General language description

AWK language (is):

(mainly) text processing language
available on most UNIX-like systems by default, on Windows there is either native binary or cygwin one
syntax is influenced by c and shell programming languages
programs from single line to multiple library files
several implementations available, notably gawk and mawk
solves generaly same problems as similar text-processing tools sed, grep, wc, tr, cut, printf, tail, head, cat, tac, bc, column, …

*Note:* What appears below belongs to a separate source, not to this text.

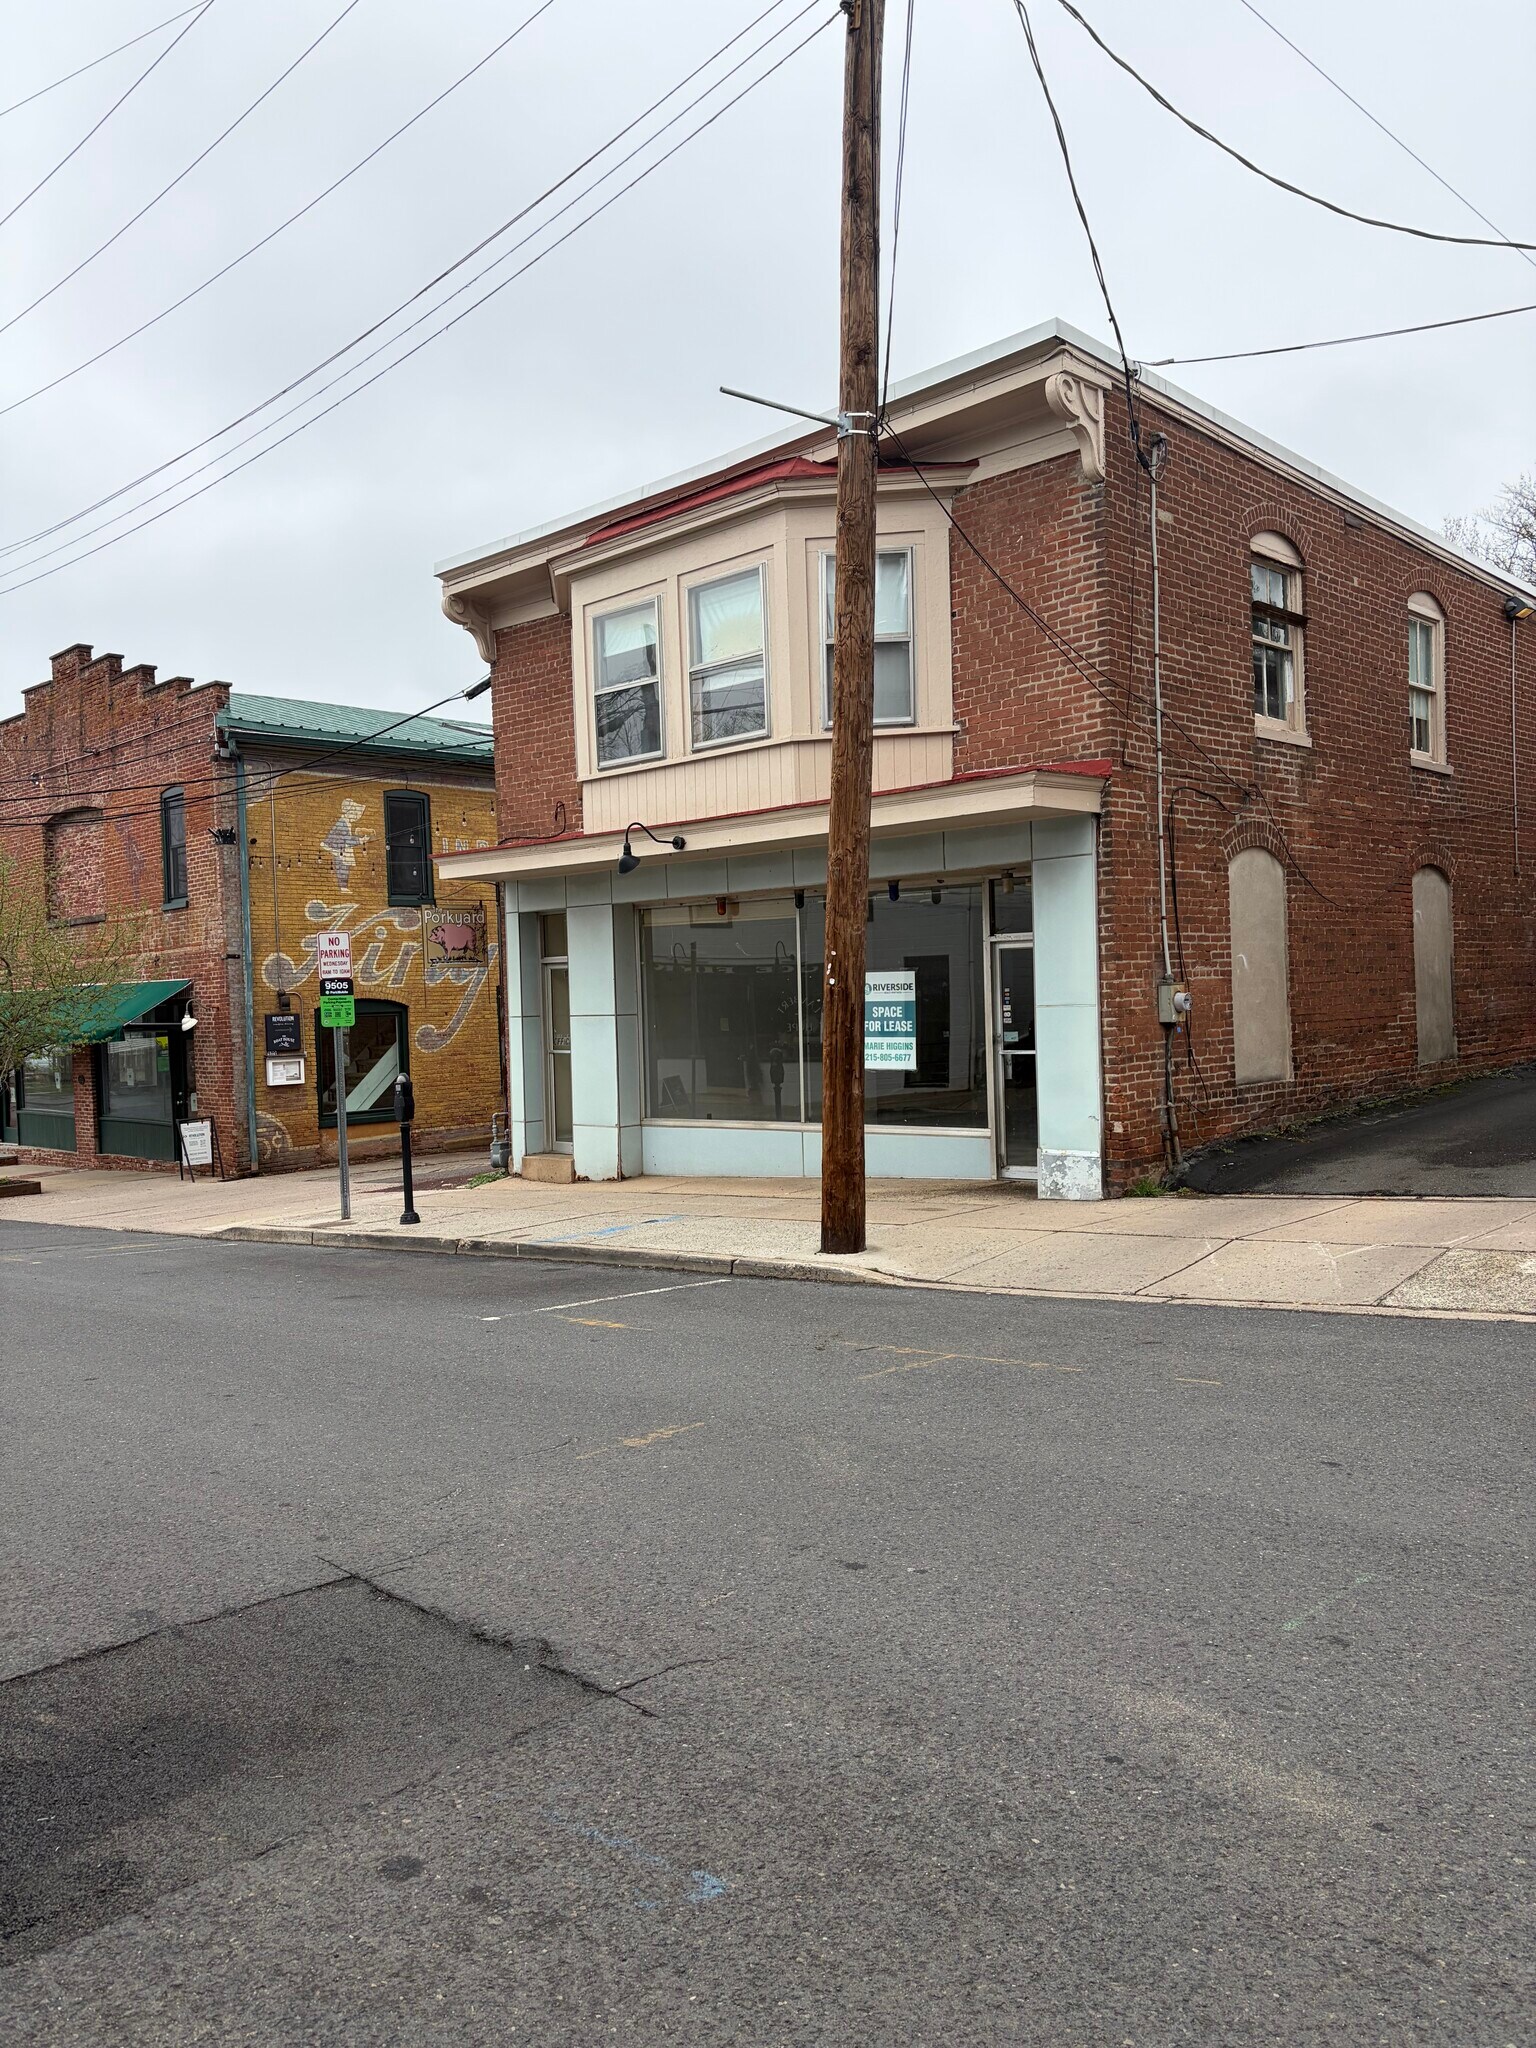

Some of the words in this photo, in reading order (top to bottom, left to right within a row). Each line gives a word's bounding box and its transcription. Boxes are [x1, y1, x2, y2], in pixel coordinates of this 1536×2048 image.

AWK language use-cases are:

computing int / floating point math formulas (based on input)
general text-processing
- cutting pieces from input text stream
- reformatting input text stream
(shell) meta-programming generator

AWK language capabilities:

text-processing functions
regular expression support
math functions
dynamic typing, support for
- integer / long
- floats
- associative arrays (including multi-dimensional array support)
external execution support

Processing workflow aka `main()`

Every AWK execution consist of folowing three phases:

[1] BEGIN{ ... } are actions performed at the beginning before first text character is read
- multiple blocks allowed (normally single)
[2] [condition]{ ... } are actions performed on every AWK record (default text line)
- every AWK record is automatically split into AWK fields (by default words)
- multiple blocks allowed
[3] END{ ... } are actions performed at the end of the execution after last text character is read
- multiple blocks allowed (normally single)

AWK process flow

warm-up basic example

$ echo -e "AWK is still useful\ntext-processing  technology!" | \
>   awk 'BEGIN{wcnt=0;print "lineno/#words/3rd-word:individual words\n"}
>             {printf("% 6d/% 6d/% 8s:%s\n",NR,NF,$3,$0);wcnt+=NF}
>          END{print "\nSummary:", NR, "lines/records,", wcnt, "words/fields"}'
lineno/#words/3rd-word:individual words
     1/     4/   still:AWK is still useful
     2/     2/        :text-processing  technology!
Summary:2 lines/records, 6 words/fields

Command-line basics

Passing text data to AWK:
- from pipe: cat input-data.txt | awk <app>
- from file[s] read by awk itself: awk <app> input-data.txt
AWK application execution styles (-f):
- on command-line awk '{ ... }' input-data.txt
- in separate files awk -f myapp.awk input-data.txt
specifying an AWK variable on command-line -v var=val
specifying AWK field separator FS variable or -F <FS> switch

Global variables

Global variables are documented here, most common ones are:

$0 value of current AWK record (whole line without line-break)
- $1, $2, … $NF values of first, second, … last AWK field (word)
FS Specifies the input AWK field separator, i.e. how AWK breaks input record into fields (default: a whitespace).
RS Specifies the input AWK record separator, i.e. how AWK breaks input stream into records (default: an universal line break).
OFS Specifies the output separator, i.e. how AWK print parsed fields to the output stream using print() (default: single space).
ORS Specifies the output separator, i.e. how AWK print parsed records to the output stream using print() (default: line break)
FILENAME contains the name of the input file read by awk (read only global variable)

Buildin functions

AWK functions are documented, the most important ones are:

print, printf() and sprintf()
- printing functions
length()
- length of an string argument
substr()
- splitting string to a substring
split()
- split string into an array of strings
index()
- find position of an substring in a string
sub() and gsub()
- (regexp) search and replace (once respectivelly globally)
~ operator and match()
- regexp search
tolower() and toupper()
- convert text to lowercase resp. uppercase

Learn by examples

Best practices

Portability

Prefer general awk before an specific AWK implementation:

use general awk for portable programs
otherwise use the particular implementation e.g. gawk

AWK programs extension and readability

General rule of thumb is to create AWK program as a *.awk file if equivalent one-liner is not well readable.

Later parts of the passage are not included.